An efficient plant regeneration system is essential for genetic transformation and genome editing in crops. However, regeneration efficiency in major crops such as wheat exhibits strong genotype dependence. Model cultivars commonly used for transformation, such as Fielder, display high regeneration efficiency. In contrast, elite cultivars widely used in agricultural production, such as Jimai22 and Aikang58, are often recalcitrant to regeneration. This genotype dependence limits the genetic improvement of important agronomic varieties.
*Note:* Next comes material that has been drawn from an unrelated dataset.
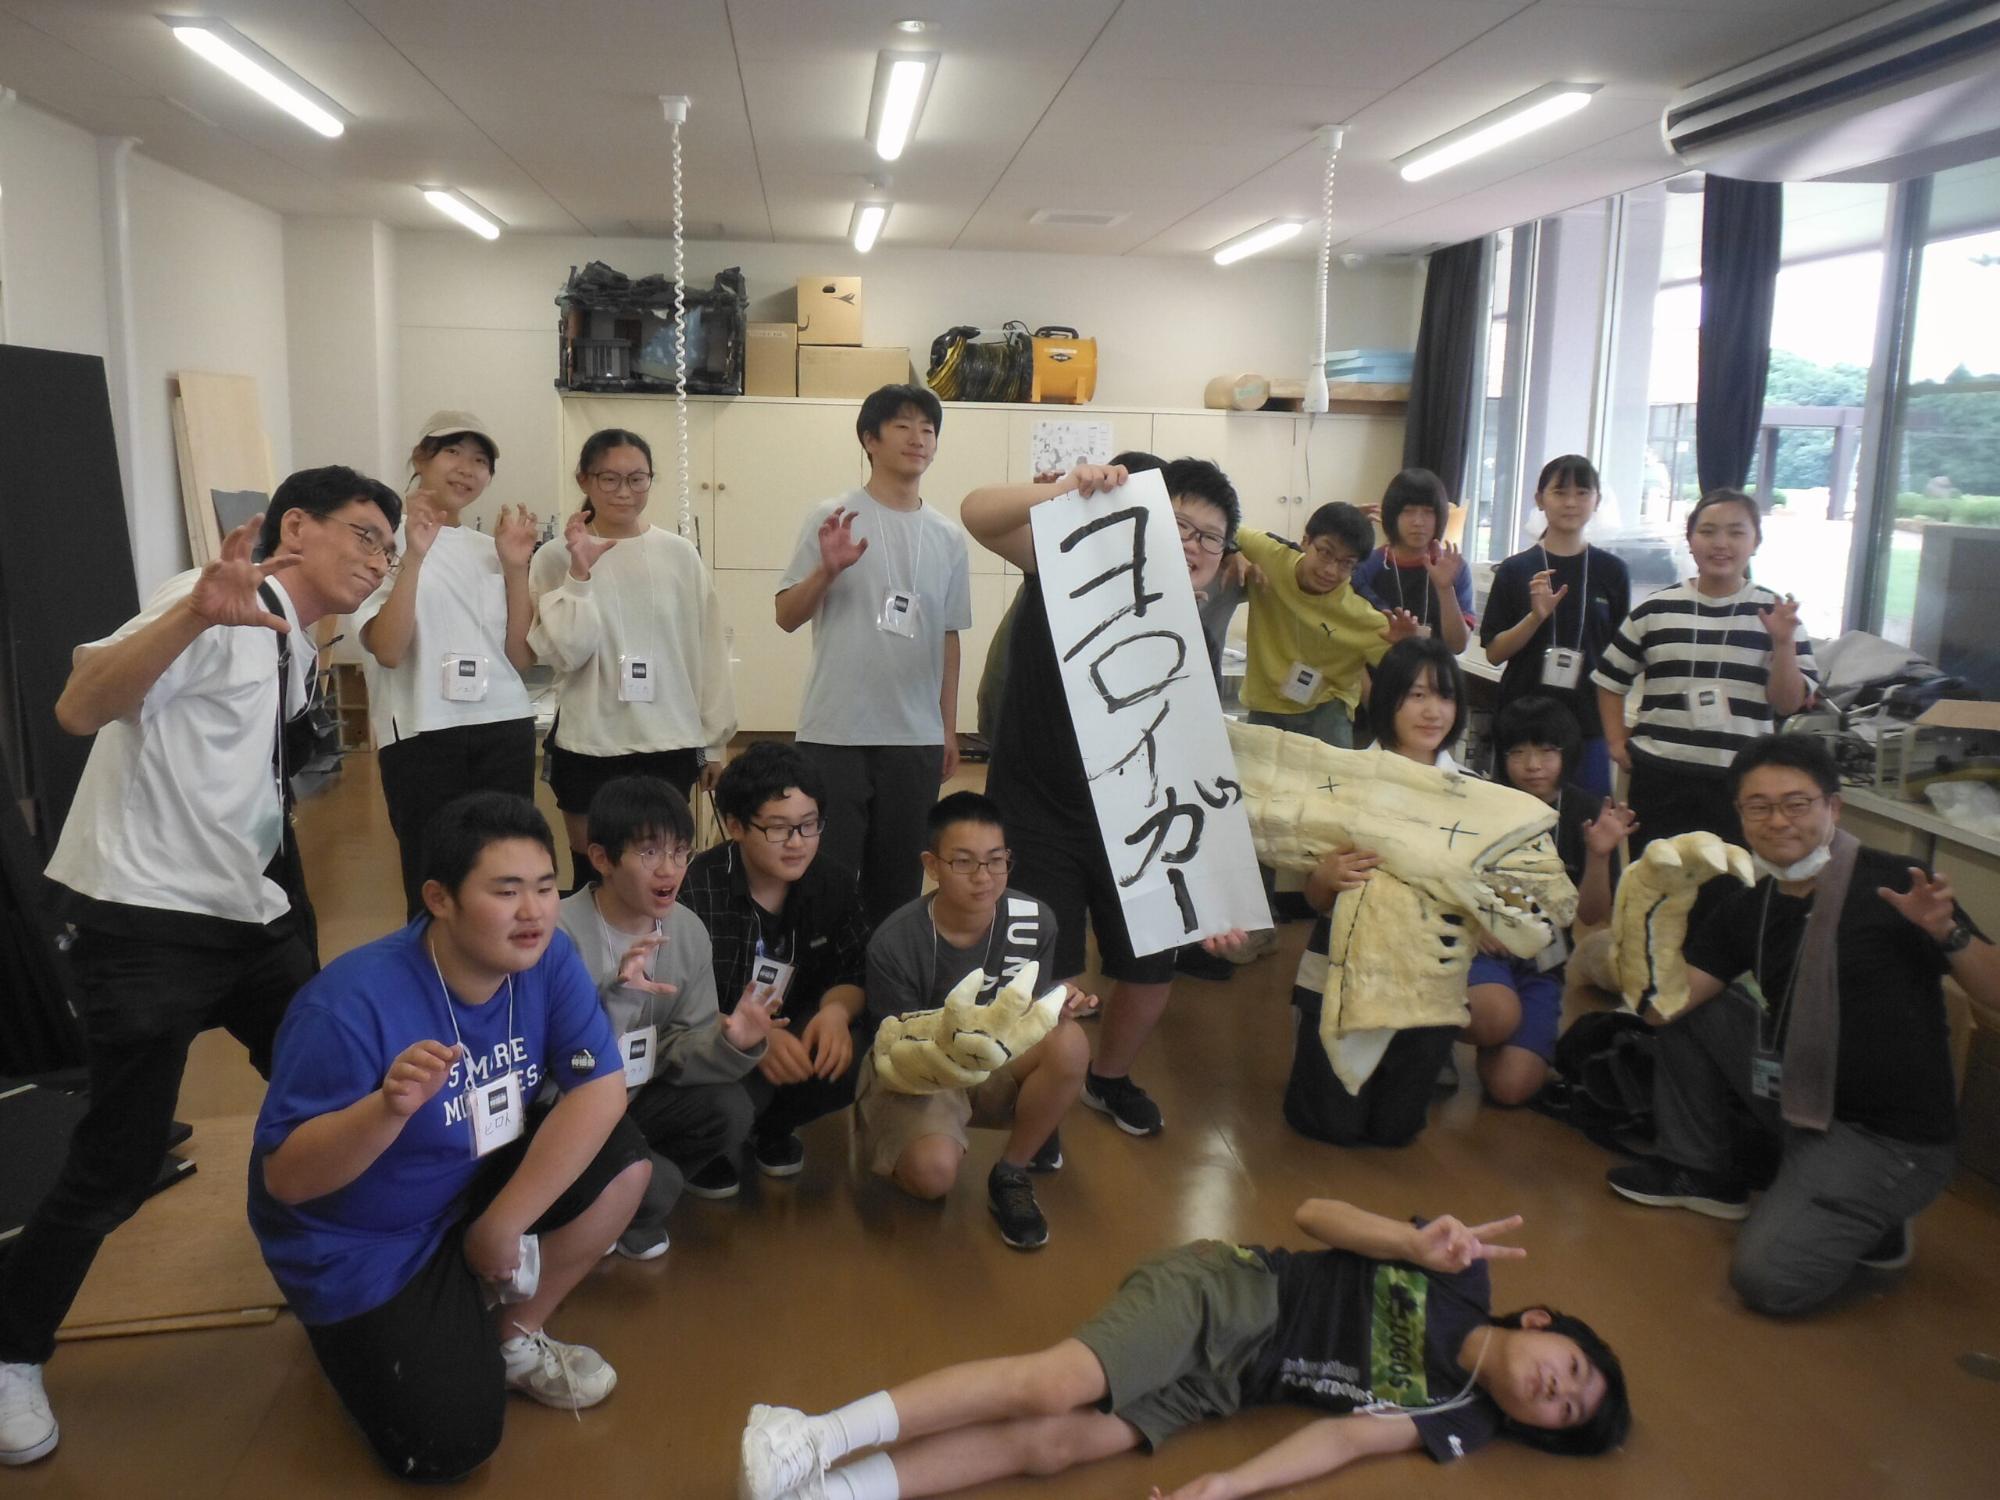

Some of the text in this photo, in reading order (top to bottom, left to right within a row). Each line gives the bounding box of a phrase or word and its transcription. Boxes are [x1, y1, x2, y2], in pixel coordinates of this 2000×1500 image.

[1060, 505, 1243, 935] ヨロイガー
[1388, 1320, 1414, 1390] LOGOS
A research group led by XIAO Jun from the Institute of Genetics and Developmental Biology (IGDB) of the Chinese Academy of Sciences has uncovered the molecular basis underlying these differences and identified key regulatory factors that can significantly enhance regeneration efficiency in wheat cultivars.
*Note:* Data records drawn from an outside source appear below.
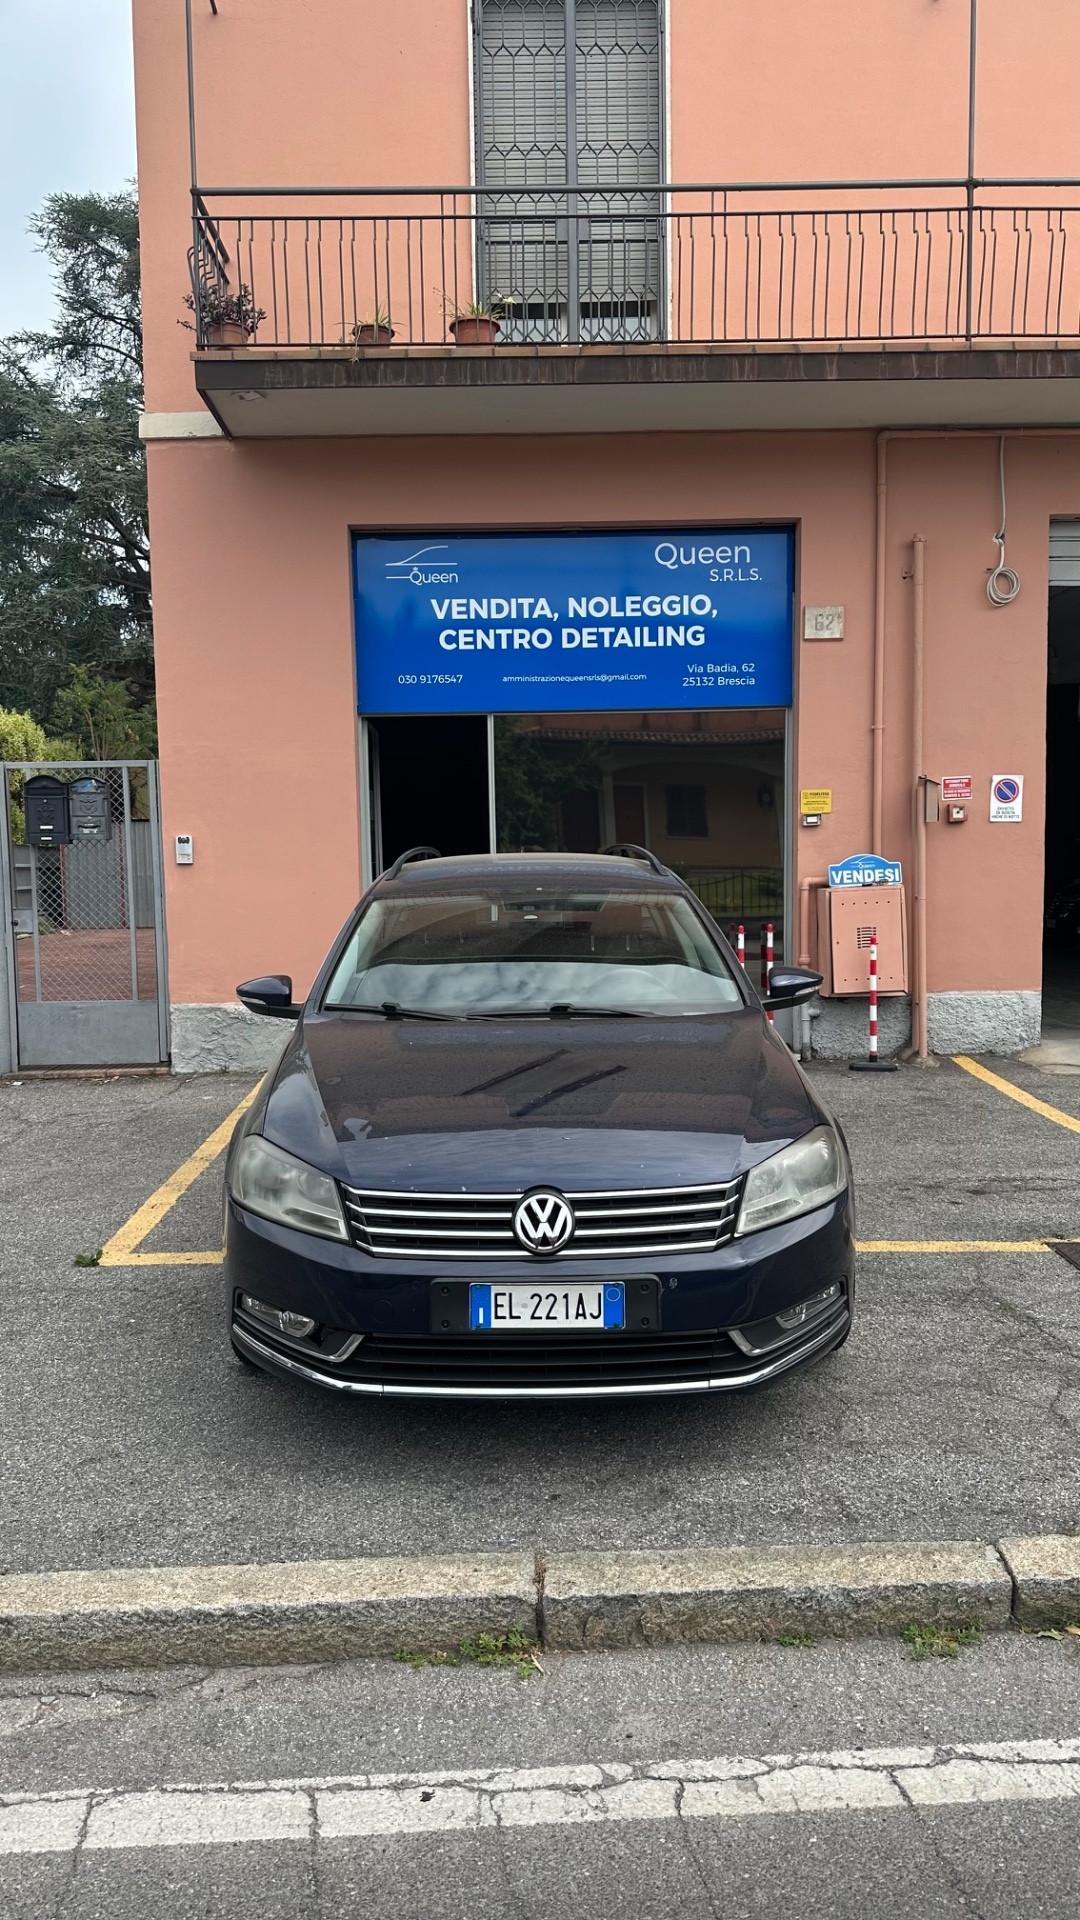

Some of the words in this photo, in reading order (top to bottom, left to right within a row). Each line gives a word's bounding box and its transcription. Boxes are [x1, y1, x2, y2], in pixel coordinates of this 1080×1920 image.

[654, 542, 751, 570] Queen
[409, 569, 459, 586] Queen
[709, 567, 763, 582] S.R.L.S.
[430, 597, 559, 622] VENDITA,
[568, 593, 718, 619] NOLEGGIO,
[438, 627, 553, 650] CENTRO
[561, 625, 706, 649] DETAILING
[687, 663, 704, 673] Via
[706, 663, 739, 674] Badia,
[741, 663, 755, 673] 62
[398, 674, 417, 684] 030
[419, 674, 463, 684] 9176547
[502, 673, 647, 684] amministrazionequeensrls@gmail.com
[682, 677, 715, 687] 25132
[717, 676, 756, 686] Brescia
[831, 867, 900, 884] VENDESI
[493, 1292, 522, 1320] EL
[529, 1292, 602, 1320] 221AJ
In this study, the researchers compared the gene expression profiles, chromatin accessibility dynamics, and transcriptional regulatory networks (TRNs) in Fielder (regenerable) and Jimai22 (recalcitrant). They found that from DAI3 to DAI6, Fielder exhibits pronounced chromatin accessibility remodeling and transcriptional reprogramming, activating genes involved in auxin signaling and meristem development.

In contrast, Jimai22 displays limited transcriptional activation, with induced genes mainly associated with stress-response pathways. Comparative TRN analysis further revealed that Fielder has a more complex and regeneration-focused regulatory network.
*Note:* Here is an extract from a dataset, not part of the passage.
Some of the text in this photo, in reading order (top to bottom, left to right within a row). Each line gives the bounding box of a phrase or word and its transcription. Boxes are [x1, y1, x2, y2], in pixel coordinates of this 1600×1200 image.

The researchers further identified TaSCR, a Fielder-specific core transcription factor, as a central regulator linking auxin signaling to meristem-related genes expression. Auxin indirectly activates TaSCR through TaARF22 and TaGATA15, after which TaSCR directly induces downstream genes such as TaLBD17 and TaWOX5, thereby promoting cell fate transition.

Functional assays demonstrated that overexpression of TaSCR or TaLBD17 significantly improves callus induction, differentiation, and transformation efficiency in both Fielder and recalcitrant cultivars (Jimai22, Aikang58, and Kenong199). Notably, TaSCR overexpression did not cause obvious negative effects on seed development.

This study clarifies the molecular mechanisms underlying regeneration efficiency differences among wheat genotypes and identifying key regulators of wheat regeneration. The results provide insights to overcome current bottlenecks in crop genetic transformation.